The professors pair groups of students to act as editors for one another. “The Americans are writing in French, but being edited and advised in their writing process by the French students,” Webel continued. “They indirectly learn about the difference in academic styles of writing articles.”

Beyond improving their writing skills, Webel’s students learn about differences in structure and argumentation, or “how to write a French paper, the French way,” she said. “I can try to tell my students, ‘This is how its done,’ but they are experiencing it with students over there.”

At the end of the semester, the students publish their articles online. Georgetown and Sciences Po Lyon have a webpage, called POGU, on Bully Pulpit, a French website that hosts discussions about American culture and politics. “The reason why the political class is so novel is because there is an end product, and therefore the process is only secondary. It’s essential, but secondary,” Webel said.

Through her teletandem courses, Webel has had the opportunity to collaborate with professors abroad and other FLL professors, who have had different experiences setting up teletandem courses with other countries. These collaborations have allowed her to identify the best ways to use technology in foreign language programs. “When it comes to language, machines aren’t going to replace a teacher,” Webel said. “The key for me is learning how to use technology intelligently, not as a substitute but as an addition. That’s the balance we need to have.”

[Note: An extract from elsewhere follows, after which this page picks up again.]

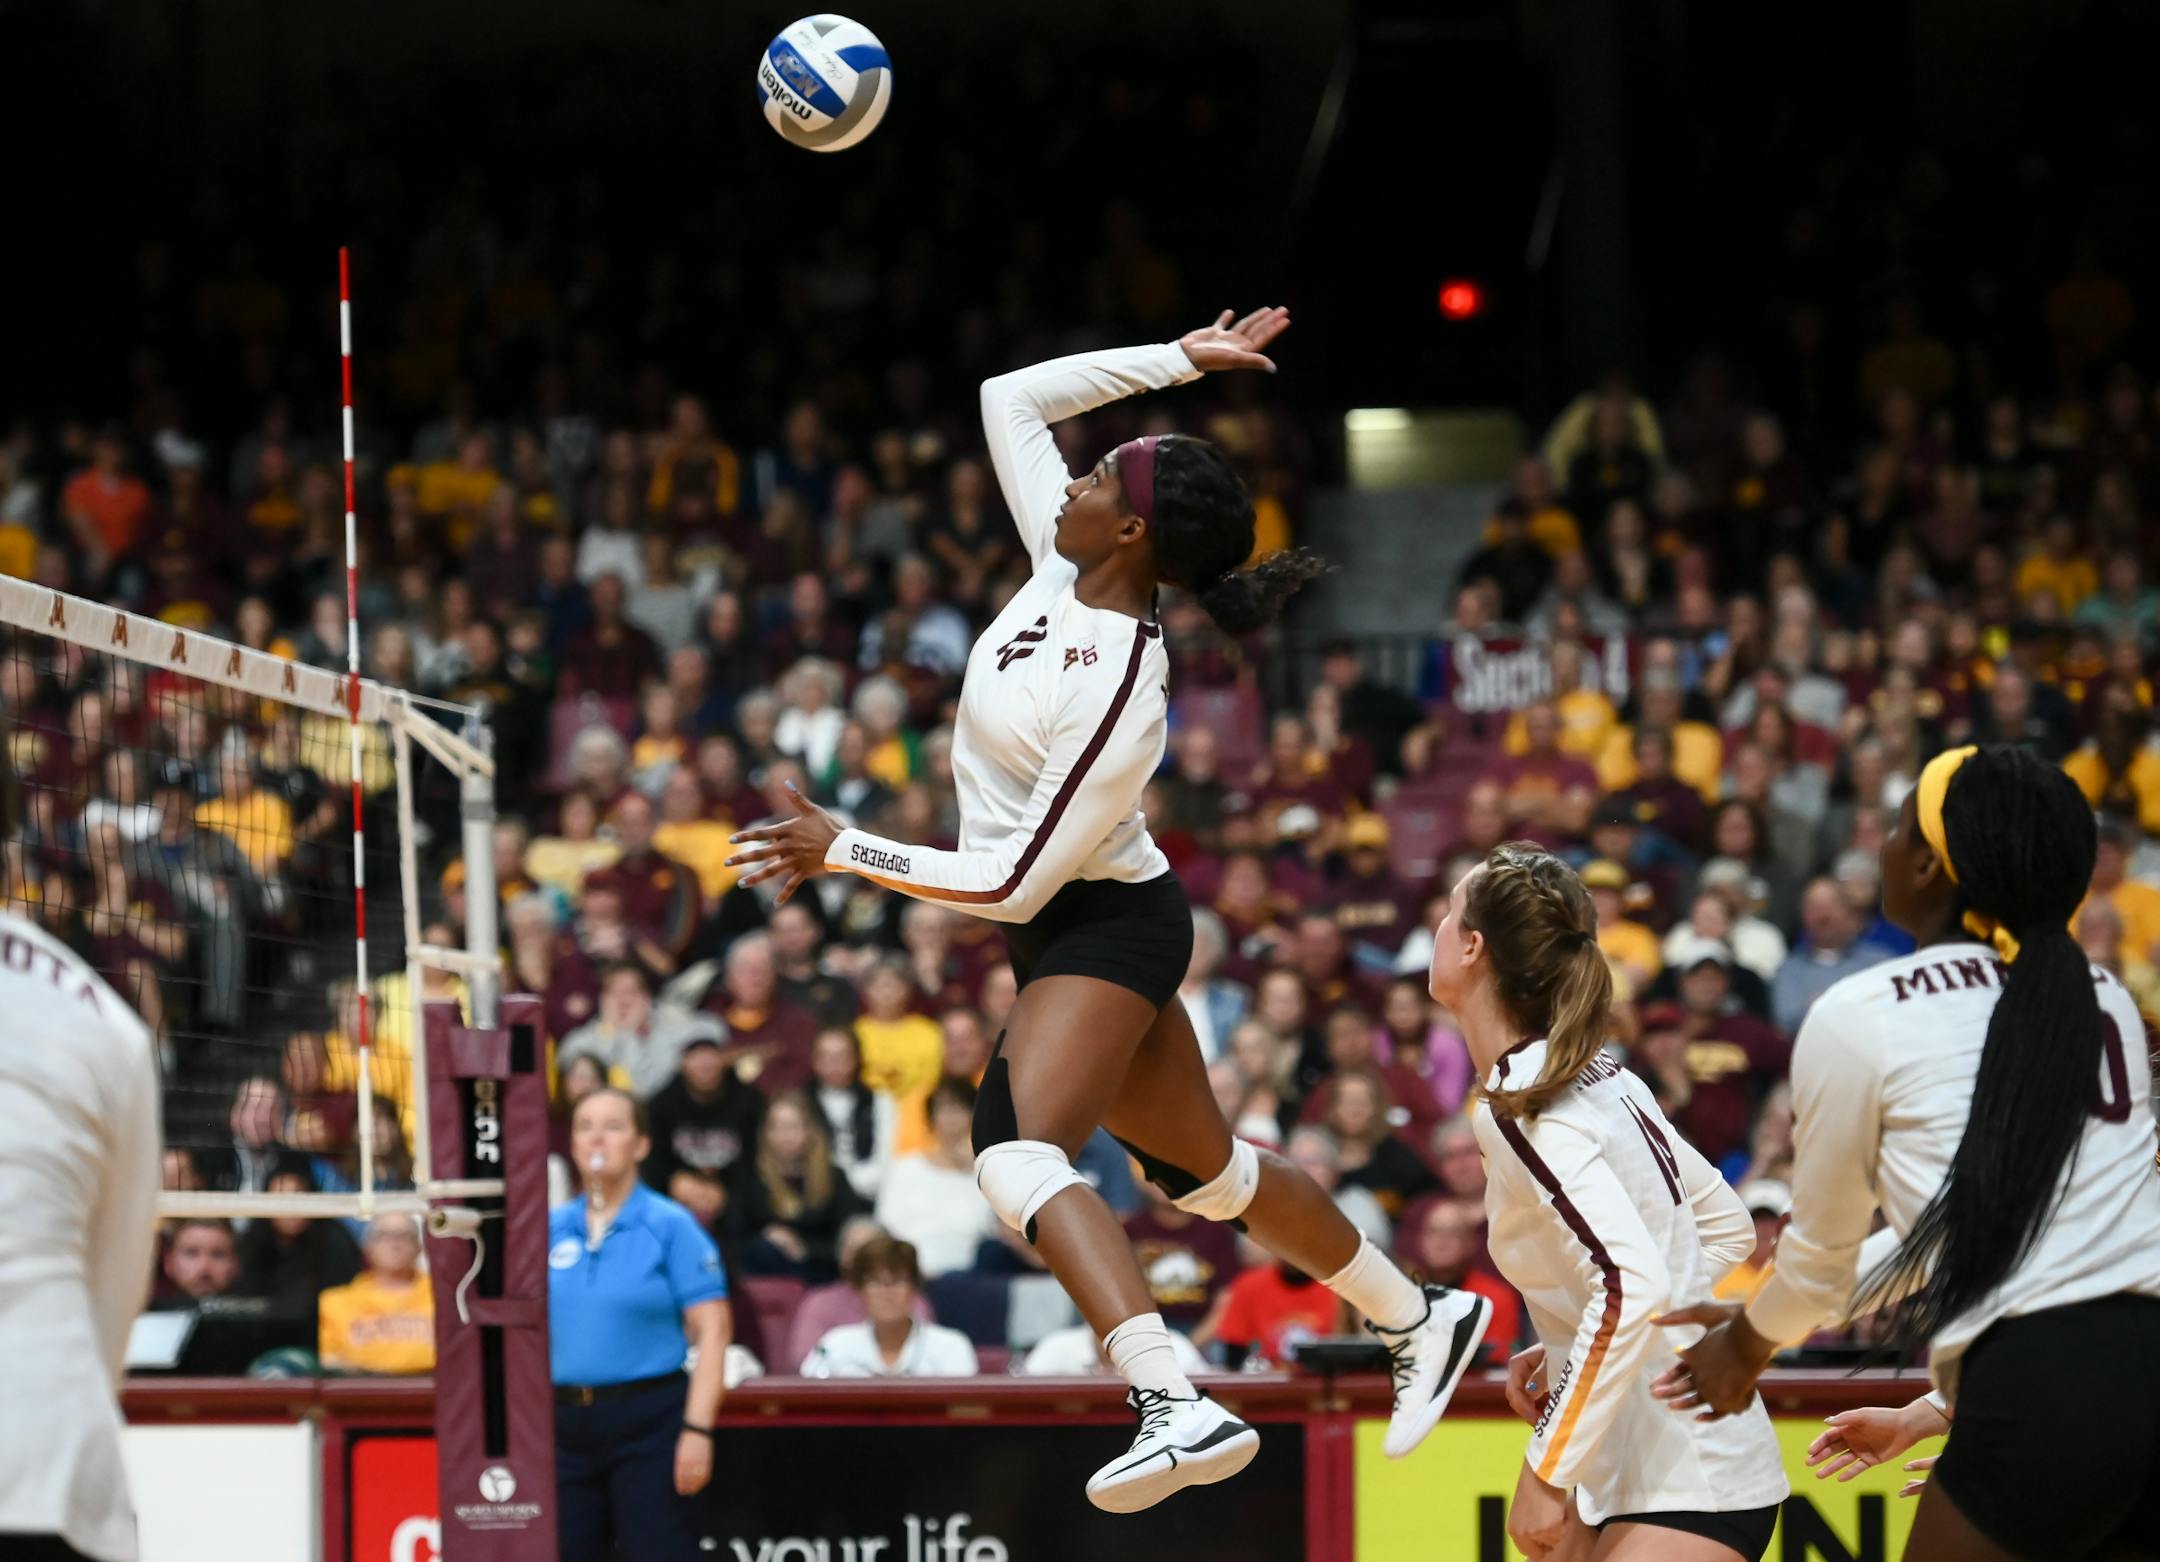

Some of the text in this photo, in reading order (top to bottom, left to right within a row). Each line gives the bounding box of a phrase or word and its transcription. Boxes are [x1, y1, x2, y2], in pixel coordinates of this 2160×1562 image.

[761, 64, 813, 120] molten
[850, 843, 911, 874] GOPHERS
[903, 1513, 1009, 1562] life

ITEL grants support professors integrating new technology in the classroom, but the grants also allow professors to conduct research on which teaching methods are most effective. So far, Webel has studied what her intensive-language students gain in comparison to a control group. “Eight sessions revealed that the significant difference in learning was not measurable,” Webel said. Teletandem students did not show measurable improvement in grammar or words per minute while speaking. “What was measurable was the perceived gain in confidence, which in itself is huge!” Webel said. “The perceived gain in confidence, for me, validated to keep the project.”

Without the ITEL grant, Webel likely would not have been able to introduce teletandem work in her classroom. ITEL provides a technology infrastructure and support to “research or evaluate the validity or worthiness of a technique,” Webel said. “Having the opportunity of being helped in assessing what can benefit our students from all these grants is huge.”